Abstract
RGB-D scanning of indoor environments is important for many applications, including real estate, interior design, and virtual reality. However, it is still challenging to register RGB-D images from a handheld camera over a long video sequence into a globally consistent 3D model. Current methods often can lose tracking or drift and thus fail to reconstruct salient structures in large environments (e.g., parallel walls in different rooms). To address this problem, we propose a “fine-to-coarse” global registration algorithm that leverages robust registrations at finer scales to seed detection and enforcement of new correspondence and structural constraints at coarser scales.
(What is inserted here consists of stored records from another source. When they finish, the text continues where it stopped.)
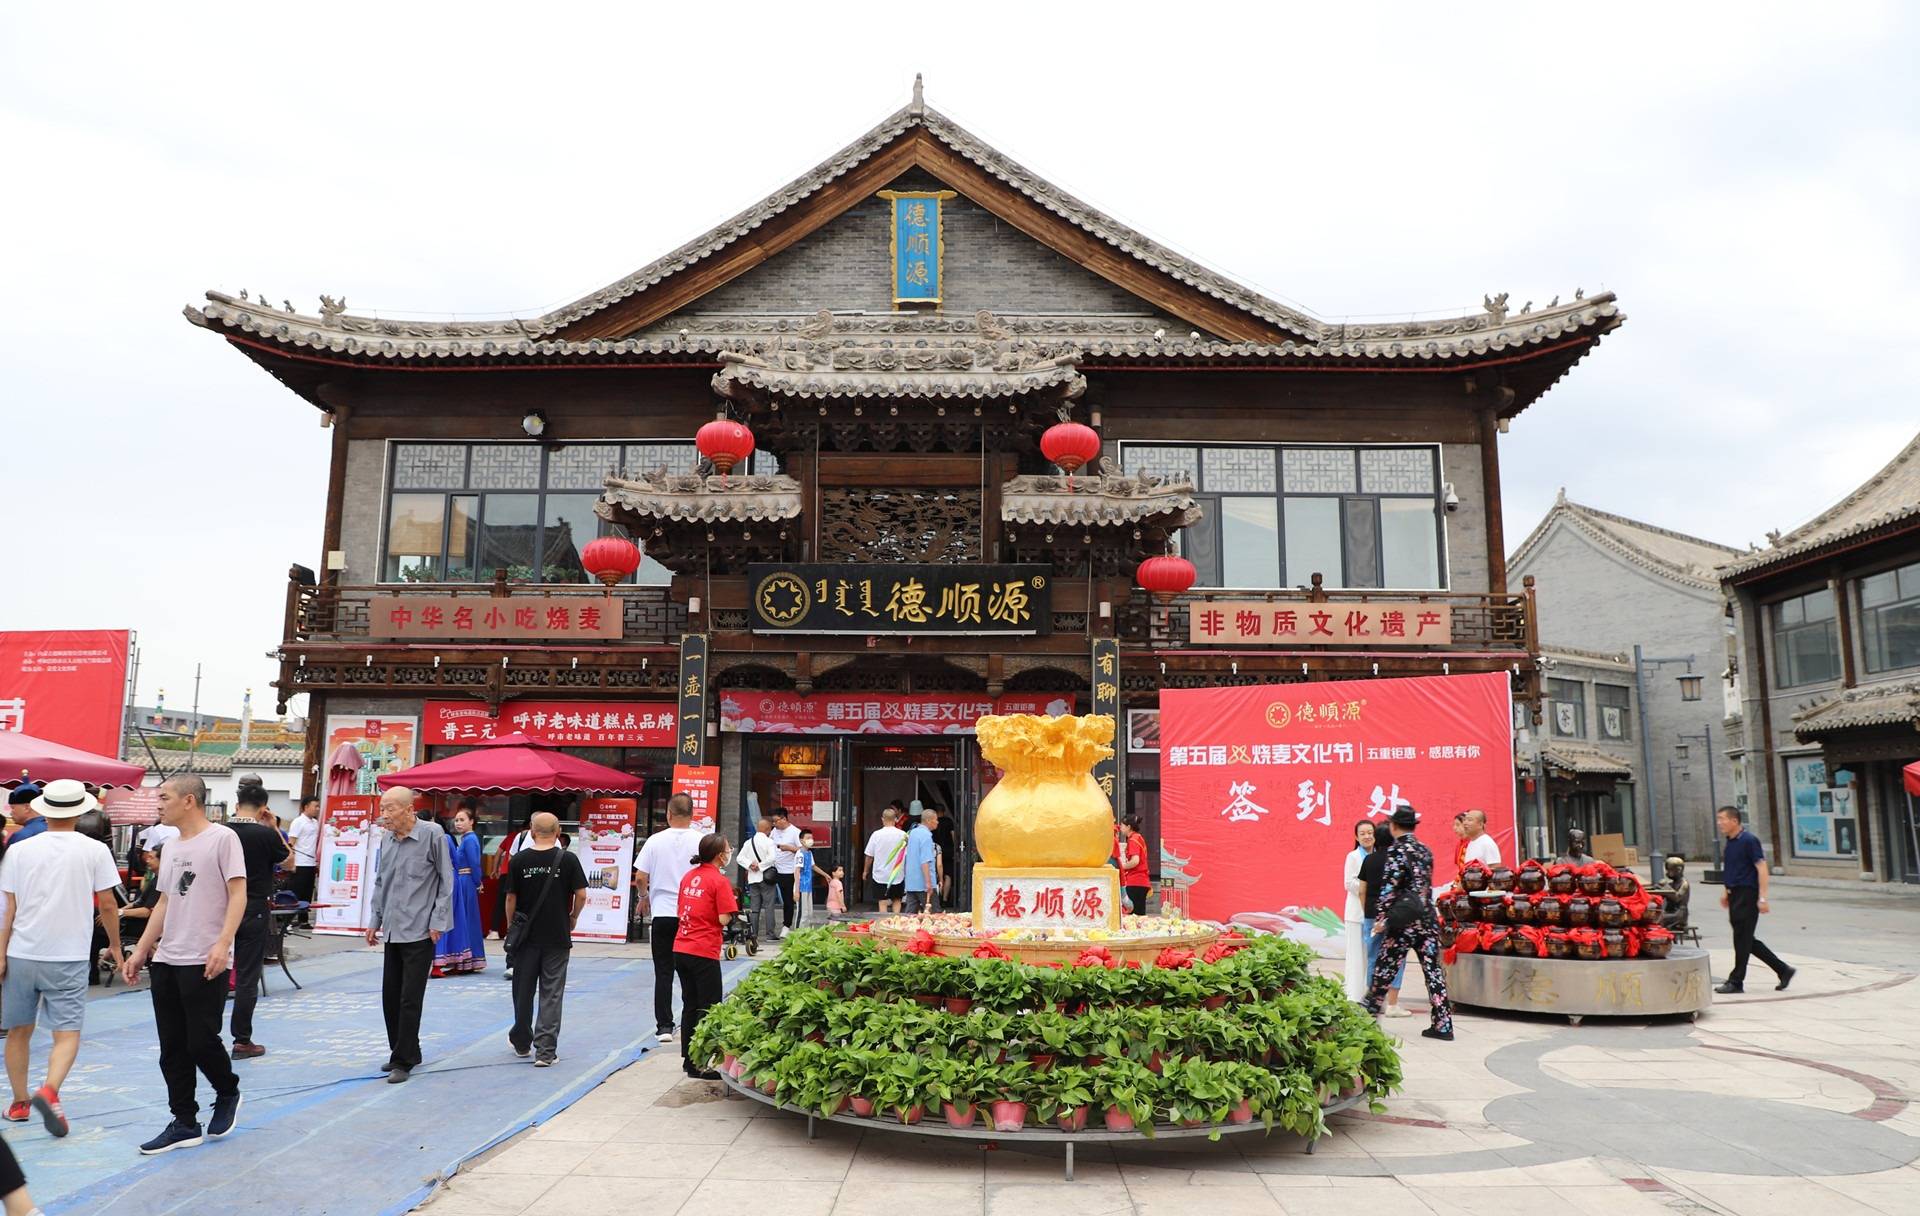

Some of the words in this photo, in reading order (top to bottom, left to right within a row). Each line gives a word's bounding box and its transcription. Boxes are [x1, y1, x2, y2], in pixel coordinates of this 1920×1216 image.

[885, 577, 1032, 625] 德顺源
[390, 606, 602, 631] 中华名小吃烧麦
[1200, 610, 1441, 637] 非物质文化遗产
[512, 711, 675, 732] 呼市老味道糕点品牌
[827, 702, 881, 720] 第五届
[440, 722, 497, 741] 晋三元
[1169, 745, 1228, 766] 第五届
[1251, 742, 1353, 765] 烧麦文化节
[990, 884, 1105, 920] 德顺源
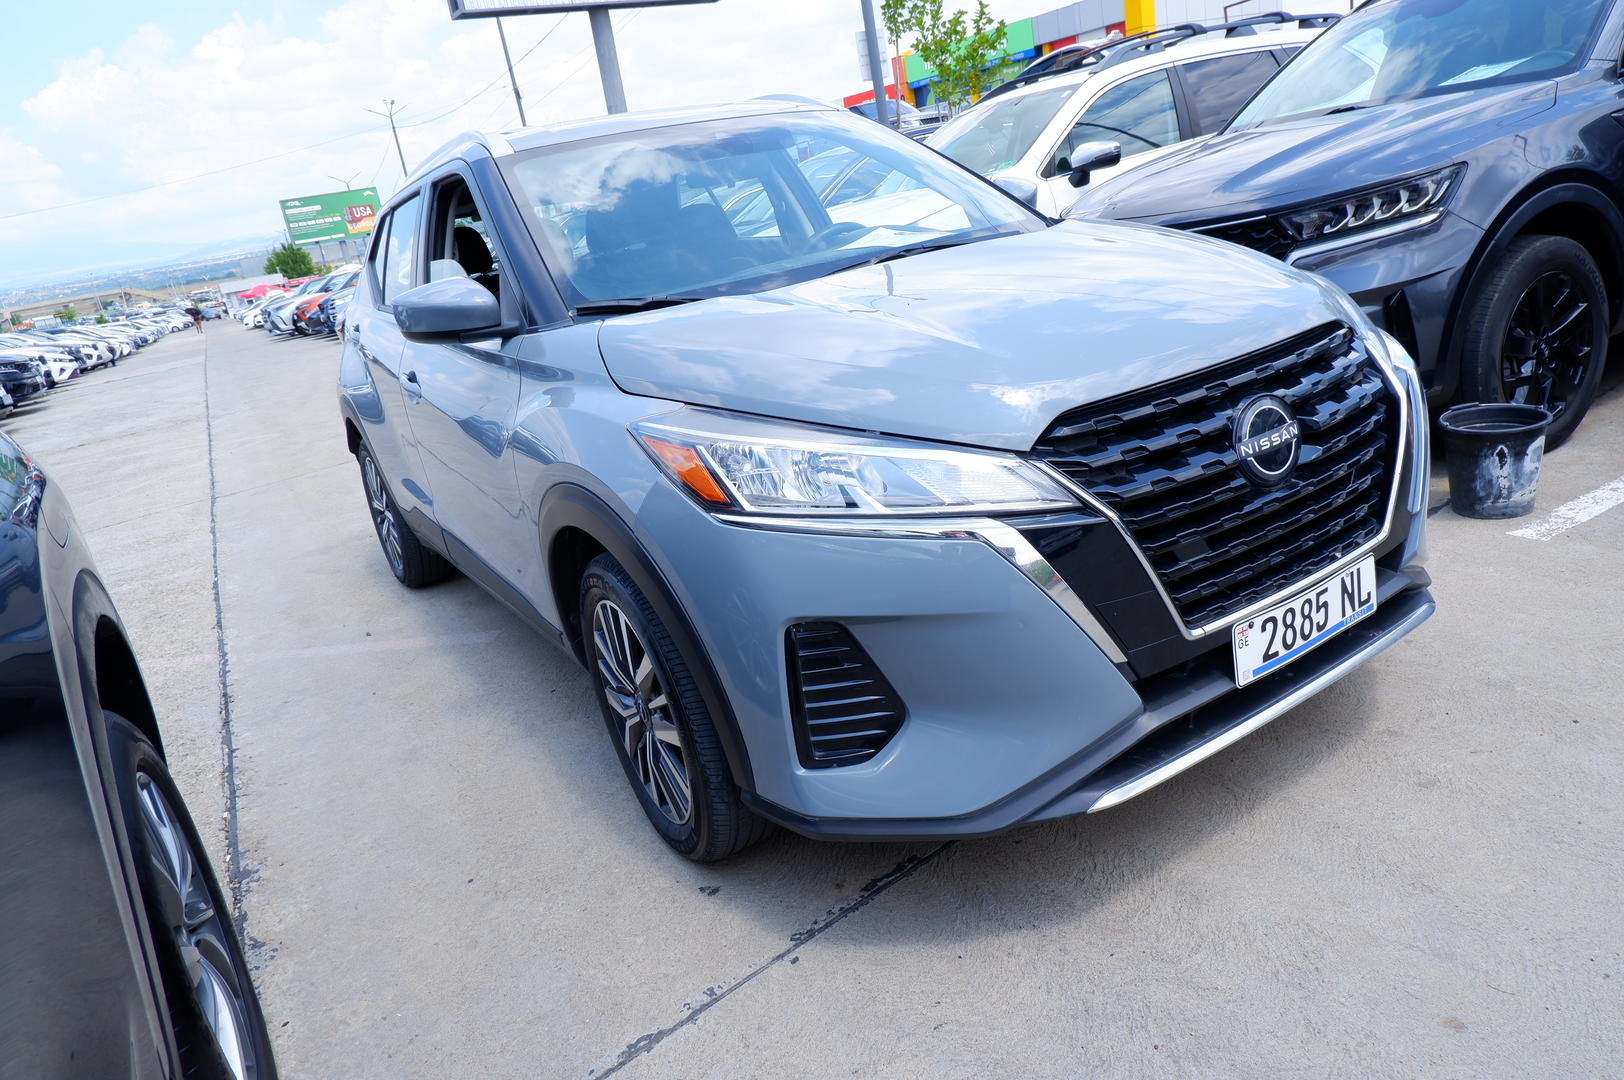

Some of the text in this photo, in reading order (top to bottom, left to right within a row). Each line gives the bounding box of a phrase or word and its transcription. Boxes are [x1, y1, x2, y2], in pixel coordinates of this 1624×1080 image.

[352, 206, 373, 218] USA
[1240, 423, 1298, 456] NISSAN
[1260, 567, 1372, 663] 2885 NL
[1343, 607, 1367, 625] TRANSIT
[1238, 636, 1249, 650] GE
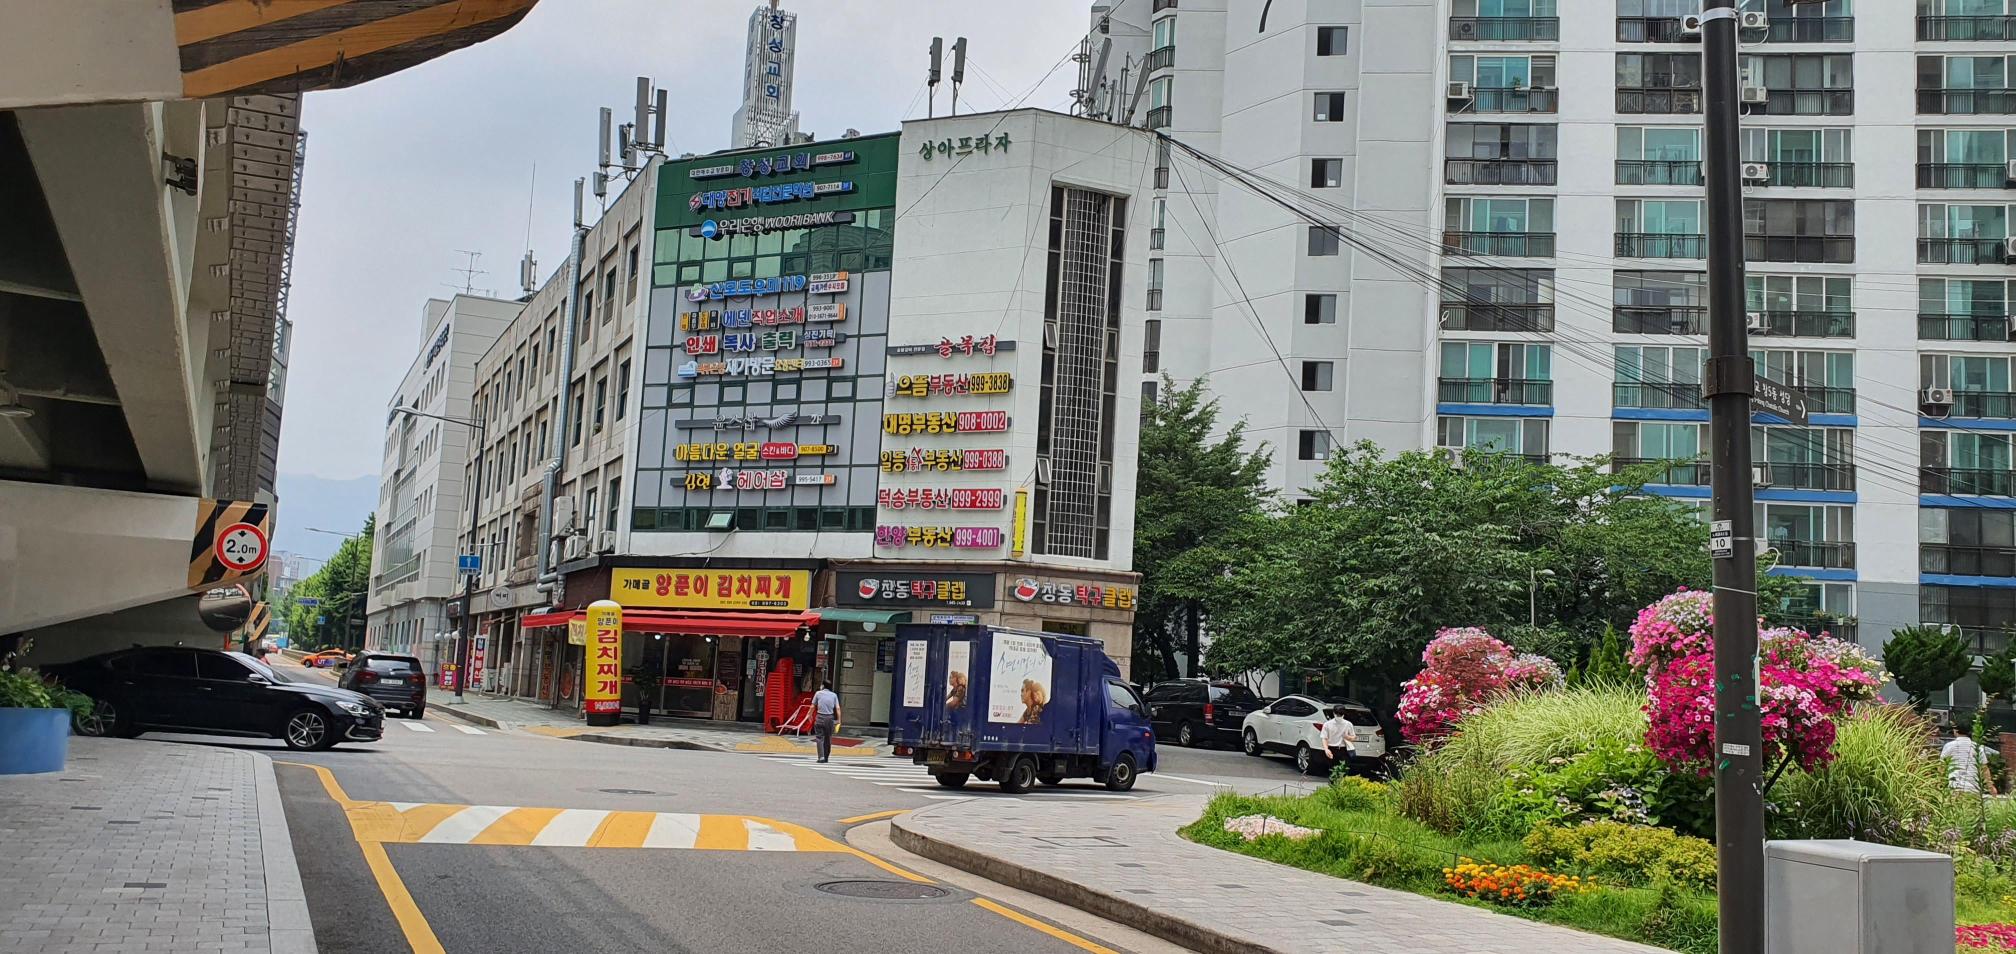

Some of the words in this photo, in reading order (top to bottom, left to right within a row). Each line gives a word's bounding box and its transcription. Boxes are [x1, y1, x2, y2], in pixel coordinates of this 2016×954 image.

To test global registration algorithms, we provide a benchmark with 10,401 manually-clicked point correspondences in 25 scenes from the SUN3D dataset. During experiments with this benchmark, we find that our fine-to-coarse algorithm registers long RGB-D sequences better than previous methods.
Bibtex
@article{HalberF2C17, title = {Fine-To-Coarse Global Registration of RGB-D Scans}, author = {Maciej Halber and Thomas Funkhouser}, booktitle = {CVPR}, year = {2017} }
Materials
Data
For the purpose of evaluating the quality of reconstructions we have extended the SUN3D dataset by Xiao et al.[1] by manually clicking on points in corresponding images in 25 SUN3D scenes. Below we provide both the correspondence files, as well as all the SUN3D scenes transformed to our format for the ease of result reproduction. Note however that we do not distribute the original images. These need to be obtained from the original dataset.
Downloads:
Correspondence Format
Each correspondence file is a simple text file, with 3 commands:
- n_correspondences x — Number of correspondences
- point2d scan_name_1 scan_name_2 x1 y1 x2 y2 — Location of a point {x1, y1} in image scan_name_1 and a location of a point {x1, y2} in image scan_name_2
- point3d scan_name_1 scan_name_2 x1 y1 z1 x2 y2 z2 — 3D location of a point {x1, y1, z1} backprojected using image scan_name_1 and a 3D location of a point {x2, y2,z2} backprojected using image scan_name_2
We provide both 2d locations clicked in color images, as well as backprojected 3d locations, so that depth images do not have to be read in for evaluation.
Example:
n_correspondences 375 point2d SCAN:0000001-000000013044 SCAN:0000051-000001915092 480.241 205.955 477.353 203.068 point2d SCAN:0000001-000000013044 SCAN:0000051-000001915092 480.241 127.038 473.504 124.150 point2d SCAN:0000001-000000013044 SCAN:0000051-000001915092 133.774 172.271 129.925 170.346 point2d SCAN:0000001-000000013044 SCAN:0000051-000001915092 286.797 259.850 300.271 256.962 point2d SCAN:0000006-000000413475 SCAN:0000811-000027275722 474.466 124.150 396.511 169.383 ... point3d SCAN:0000001-000000013044 SCAN:0000051-000001915092 0.463 0.096 -1.647 0.459 0.106 -1.663 point3d SCAN:0000001-000000013044 SCAN:0000051-000001915092 0.470 0.329 -1.671 0.455 0.340 -1.680 point3d SCAN:0000001-000000013044 SCAN:0000051-000001915092 -0.705 0.256 -2.170 -0.720 0.264 -2.170 point3d SCAN:0000001-000000013044 SCAN:0000051-000001915092 -0.036 -0.023 -0.632 -0.021 -0.019 -0.625 point3d SCAN:0000006-000000413475 SCAN:0000811-000027275722 0.455 0.340 -1.680 0.217 0.197 -1.601 ...
Scene Format
Each scene requires configuration file (.conf) and feature file (.fcb). Configuration files are the main format used by our system. They are simple text files with a number of supported commands:
- dataset dataset_name — Name of dataset used. This is to distinguish how depth images are stored in different datasets.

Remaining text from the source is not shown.